§ TASK DIRECTIONS:
Reproduce, word for word, all of the records; the pictures stay out.

::::::::::

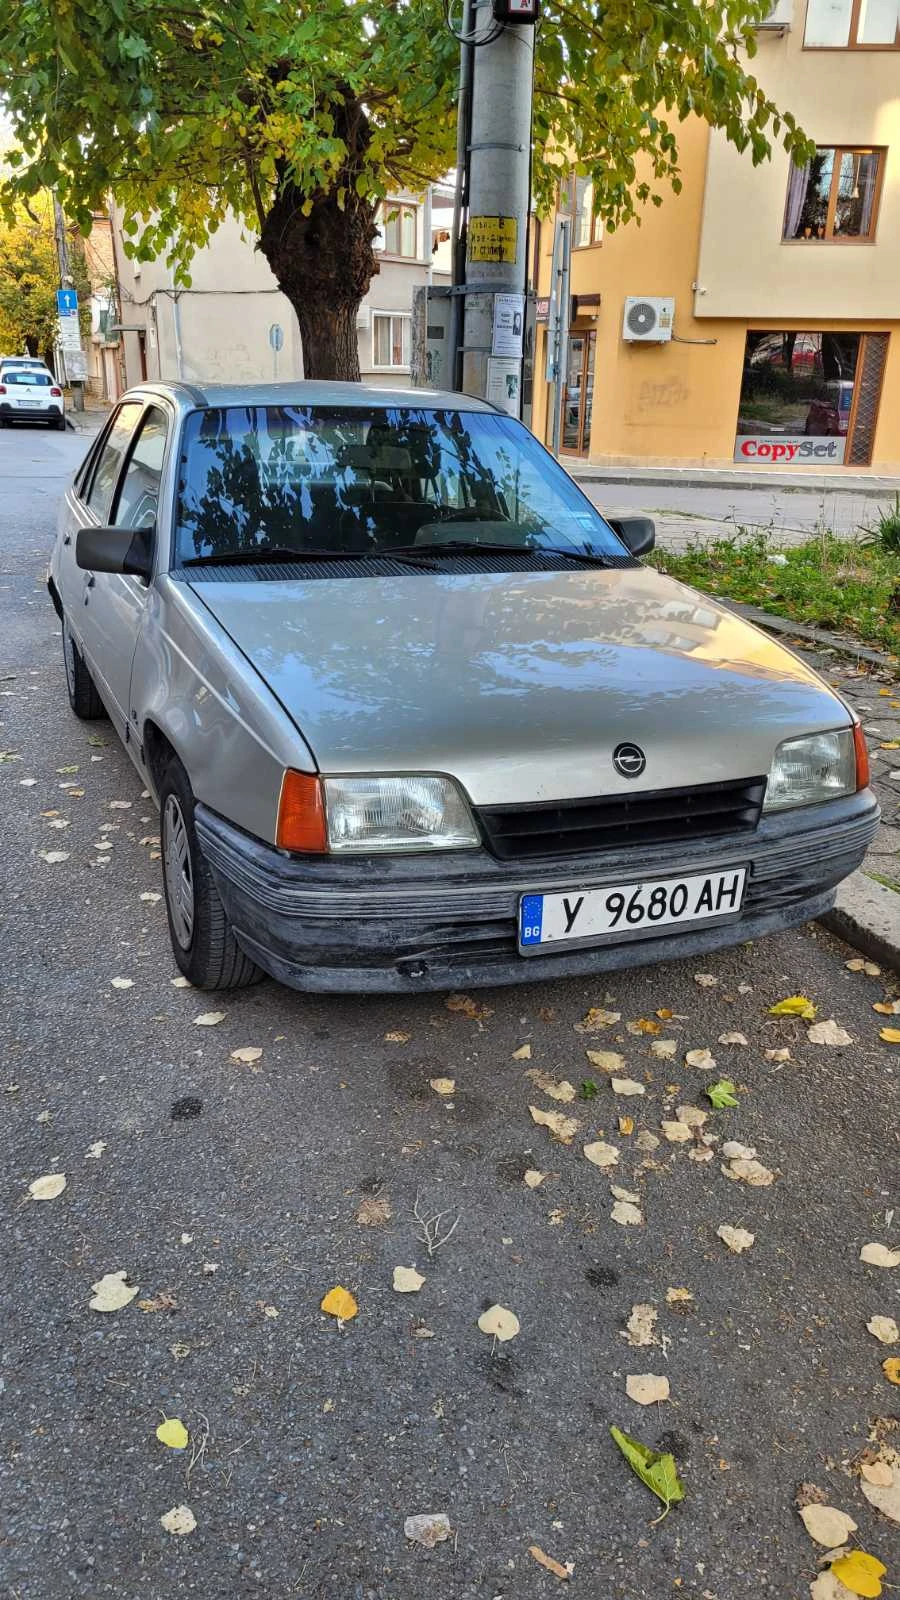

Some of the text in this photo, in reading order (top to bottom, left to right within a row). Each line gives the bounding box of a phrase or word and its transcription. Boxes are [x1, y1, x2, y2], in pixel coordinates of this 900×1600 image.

[741, 440, 837, 461] CopySet
[605, 884, 689, 928] 9680
[694, 874, 739, 914] AH
[524, 926, 540, 938] BG
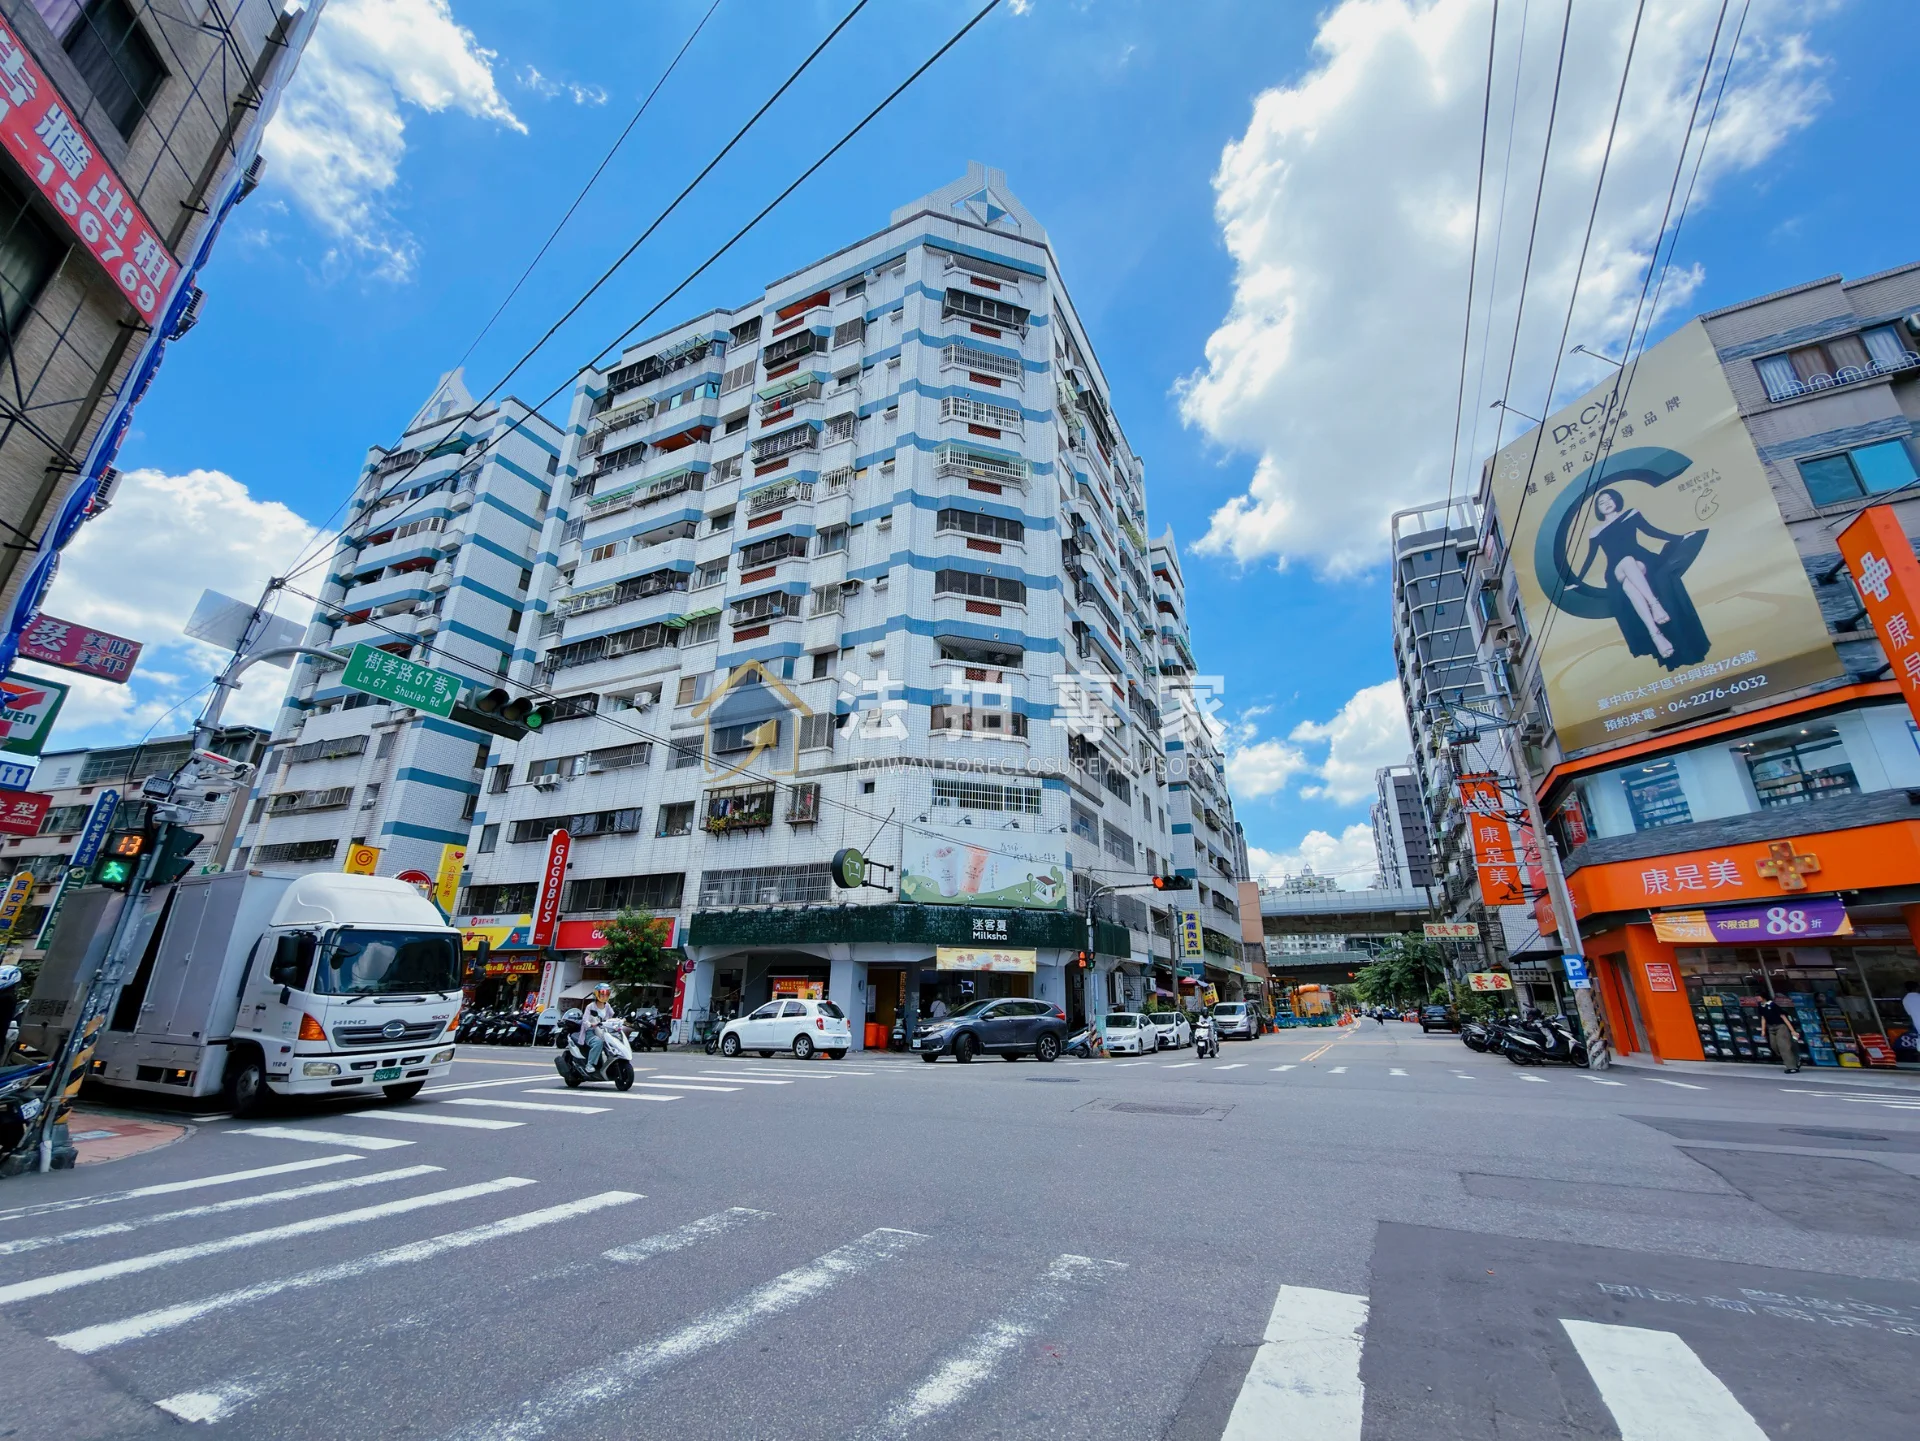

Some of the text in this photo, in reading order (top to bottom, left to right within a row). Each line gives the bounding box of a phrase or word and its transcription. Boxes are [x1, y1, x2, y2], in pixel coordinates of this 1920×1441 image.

::::::::::

§ COMPLETED TASK:
Some of the text in this photo, in reading order (top to bottom, left to right within a row). Each line gives the bounding box of a phrase or word and its transcription. Boxes are [x1, y1, x2, y2], in pixel coordinates of this 900×1600 image.

[741, 440, 837, 461] CopySet
[605, 884, 689, 928] 9680
[694, 874, 739, 914] AH
[524, 926, 540, 938] BG

Some of the text in this photo, in reading order (top to bottom, left to right within a row). Each line gives the bounding box of a phrase or word and its transcription. Boxes are [x1, y1, x2, y2], in pixel coordinates of this 1920×1441 image.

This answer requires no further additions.